Data supplied:
______
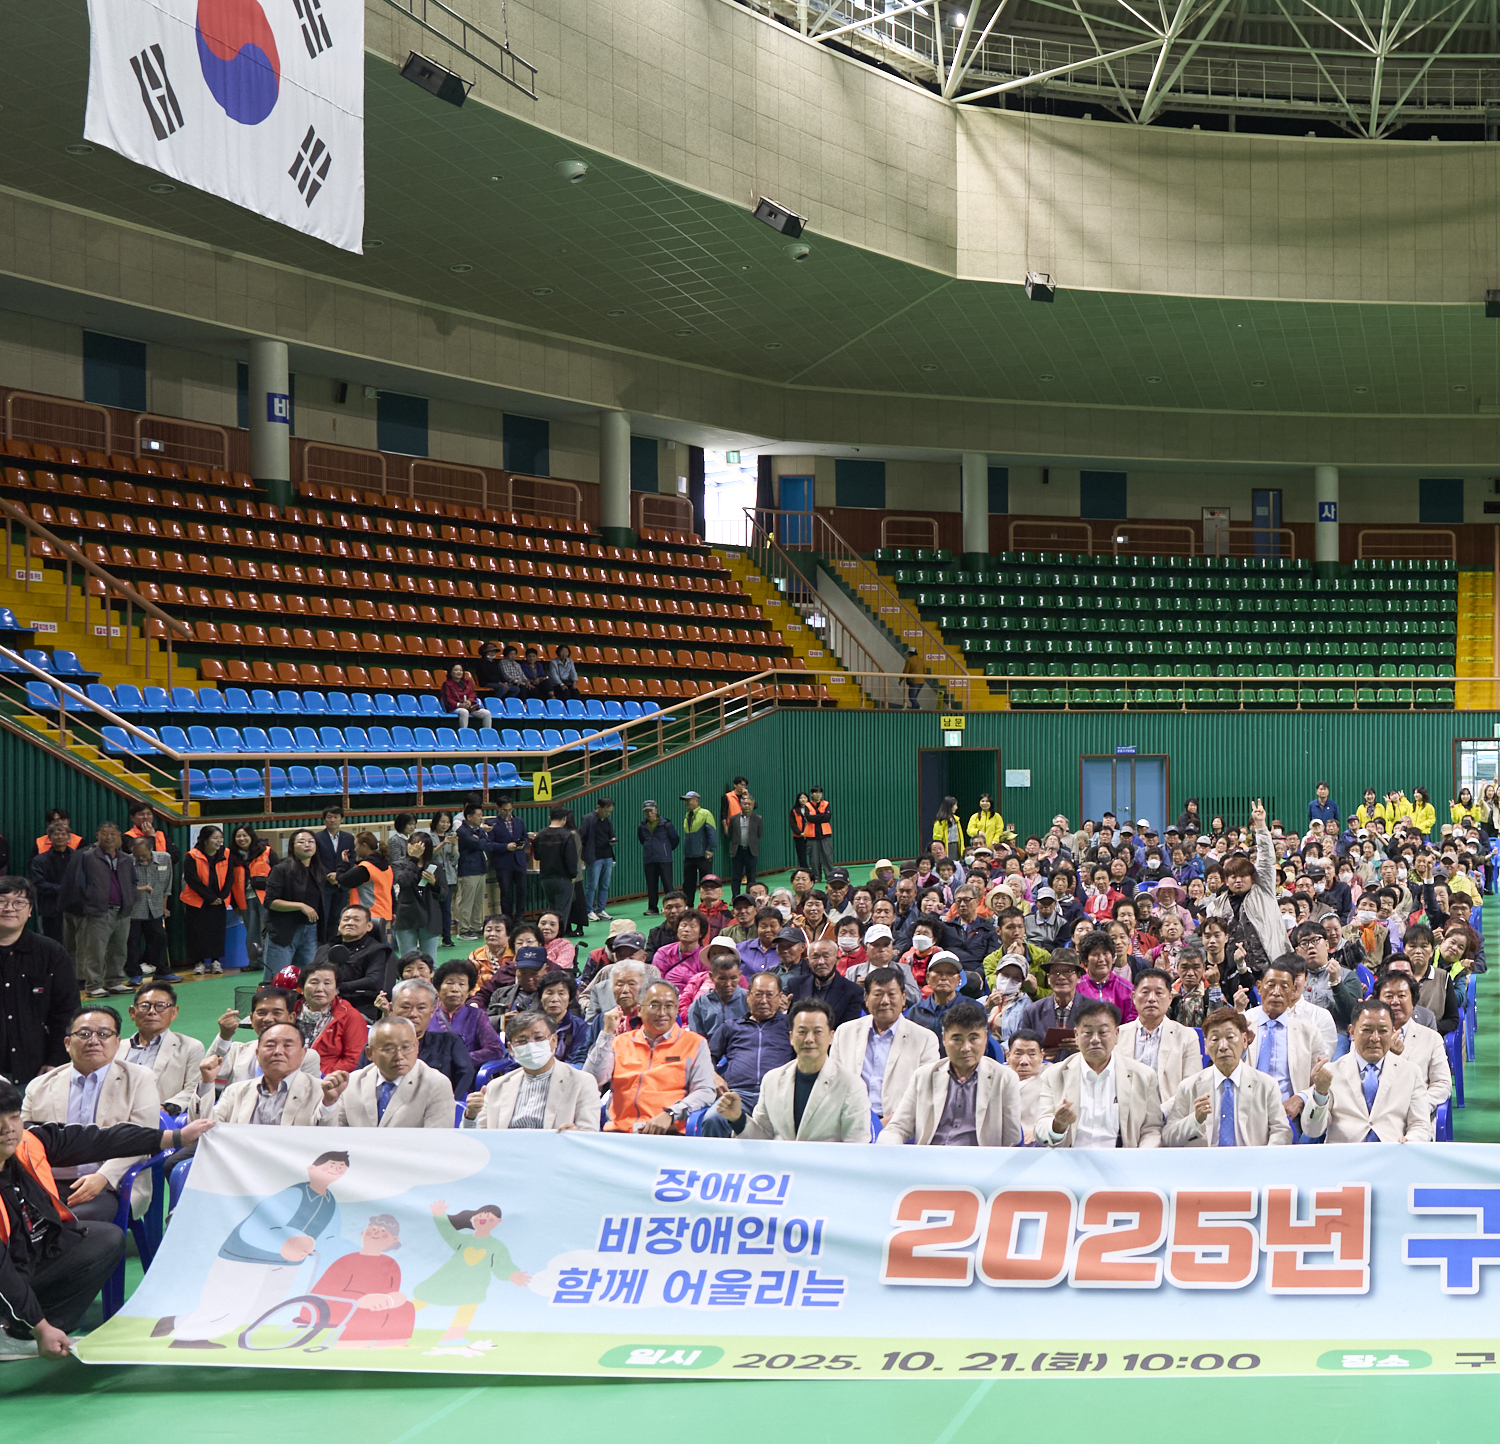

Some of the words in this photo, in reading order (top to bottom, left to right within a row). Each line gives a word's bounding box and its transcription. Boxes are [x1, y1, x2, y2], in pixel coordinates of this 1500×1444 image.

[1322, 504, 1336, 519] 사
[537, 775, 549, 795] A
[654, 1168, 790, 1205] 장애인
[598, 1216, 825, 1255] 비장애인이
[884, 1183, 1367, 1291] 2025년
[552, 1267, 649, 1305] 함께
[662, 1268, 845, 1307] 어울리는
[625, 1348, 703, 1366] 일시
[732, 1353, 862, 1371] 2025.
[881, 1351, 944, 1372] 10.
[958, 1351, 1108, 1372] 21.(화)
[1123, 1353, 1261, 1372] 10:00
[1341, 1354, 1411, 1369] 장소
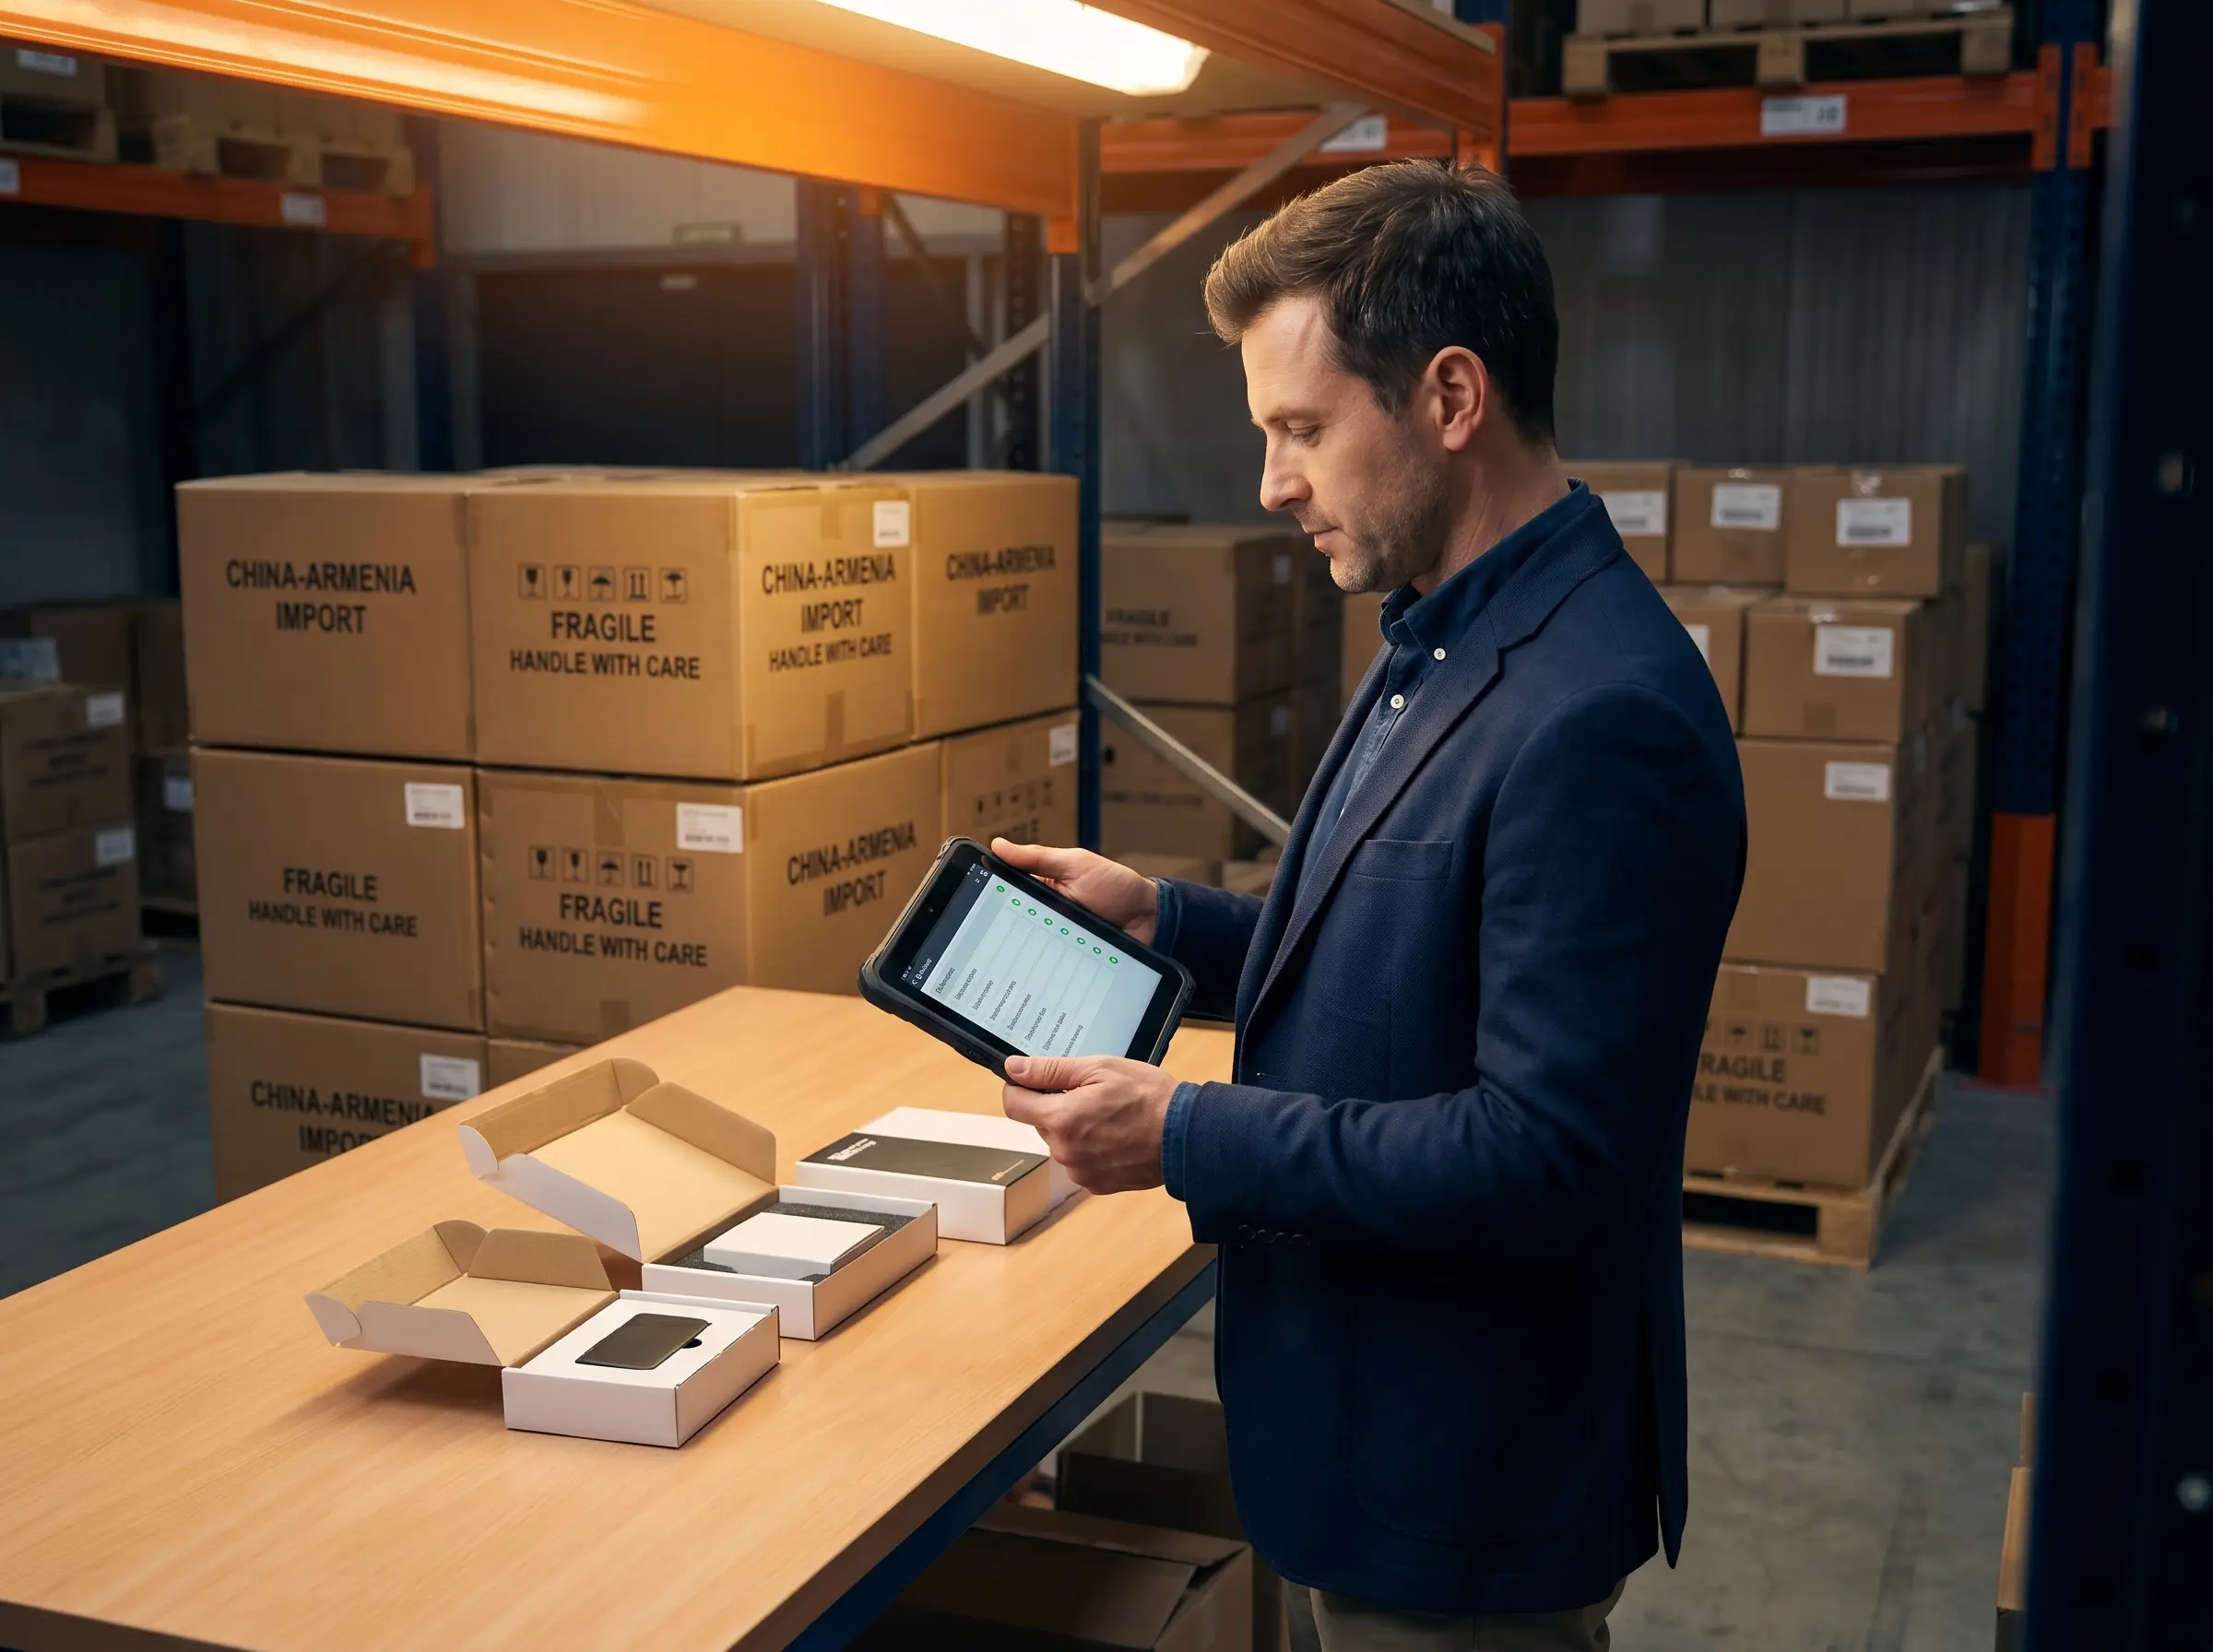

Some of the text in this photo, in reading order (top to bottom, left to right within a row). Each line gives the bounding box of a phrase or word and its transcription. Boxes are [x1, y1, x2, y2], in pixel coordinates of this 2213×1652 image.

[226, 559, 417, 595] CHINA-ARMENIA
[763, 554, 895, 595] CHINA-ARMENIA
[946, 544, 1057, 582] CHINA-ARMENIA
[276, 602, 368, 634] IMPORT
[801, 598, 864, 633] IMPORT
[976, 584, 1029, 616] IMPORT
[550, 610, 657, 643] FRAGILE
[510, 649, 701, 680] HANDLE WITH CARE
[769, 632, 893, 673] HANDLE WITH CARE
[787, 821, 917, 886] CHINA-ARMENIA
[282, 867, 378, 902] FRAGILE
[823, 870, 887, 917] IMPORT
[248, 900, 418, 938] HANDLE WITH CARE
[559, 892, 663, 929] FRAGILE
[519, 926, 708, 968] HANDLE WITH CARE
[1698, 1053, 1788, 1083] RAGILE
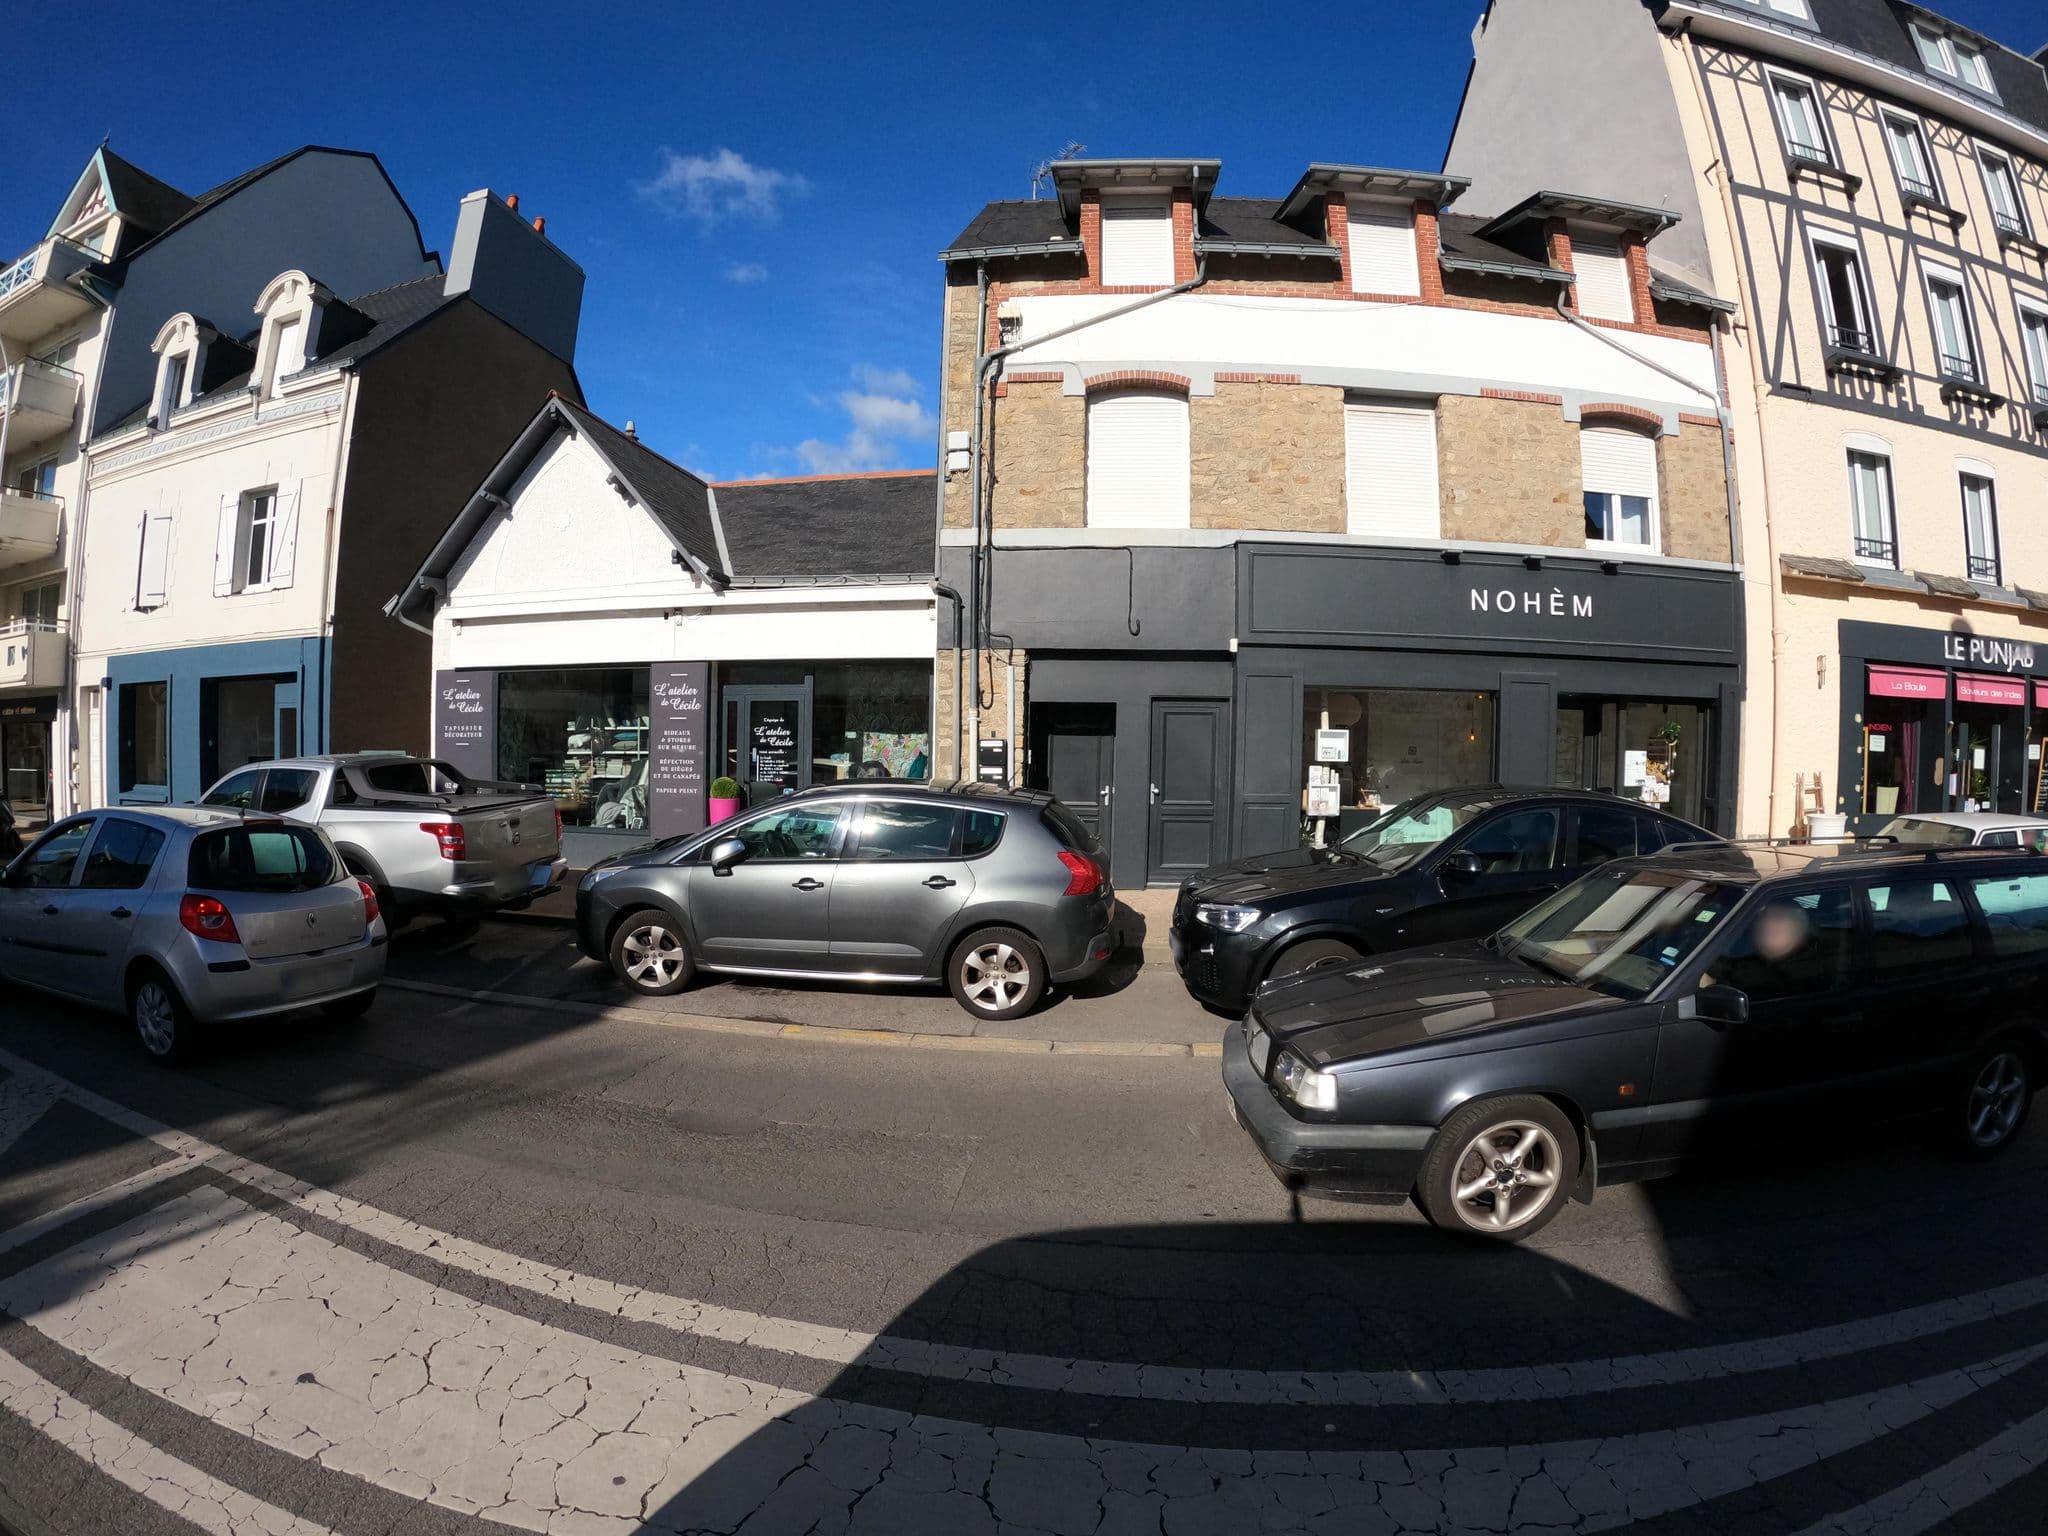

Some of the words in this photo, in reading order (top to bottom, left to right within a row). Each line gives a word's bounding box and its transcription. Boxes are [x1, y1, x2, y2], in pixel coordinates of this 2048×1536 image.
______
What needs to be done: Working down from the line with "Some of the text", copy each line exactly until the last line of the entries, which is also included. Omit the pictures.

Response area:
Some of the text in this photo, in reading order (top to bottom, left to right within a row). Each line gives the bounding box of a phrase or word and its transcription. Boxes are [x1, y1, x2, y2], in pixel coordinates of this 2213×1652 image.

[226, 559, 417, 595] CHINA-ARMENIA
[763, 554, 895, 595] CHINA-ARMENIA
[946, 544, 1057, 582] CHINA-ARMENIA
[276, 602, 368, 634] IMPORT
[801, 598, 864, 633] IMPORT
[976, 584, 1029, 616] IMPORT
[550, 610, 657, 643] FRAGILE
[510, 649, 701, 680] HANDLE WITH CARE
[769, 632, 893, 673] HANDLE WITH CARE
[787, 821, 917, 886] CHINA-ARMENIA
[282, 867, 378, 902] FRAGILE
[823, 870, 887, 917] IMPORT
[248, 900, 418, 938] HANDLE WITH CARE
[559, 892, 663, 929] FRAGILE
[519, 926, 708, 968] HANDLE WITH CARE
[1698, 1053, 1788, 1083] RAGILE

Some of the words in this photo, in reading order (top to bottom, left to right within a row). Each line gives a word's bounding box and its transcription. Boxes are [x1, y1, x2, y2], in pixel coordinates of this 2048×1536 image.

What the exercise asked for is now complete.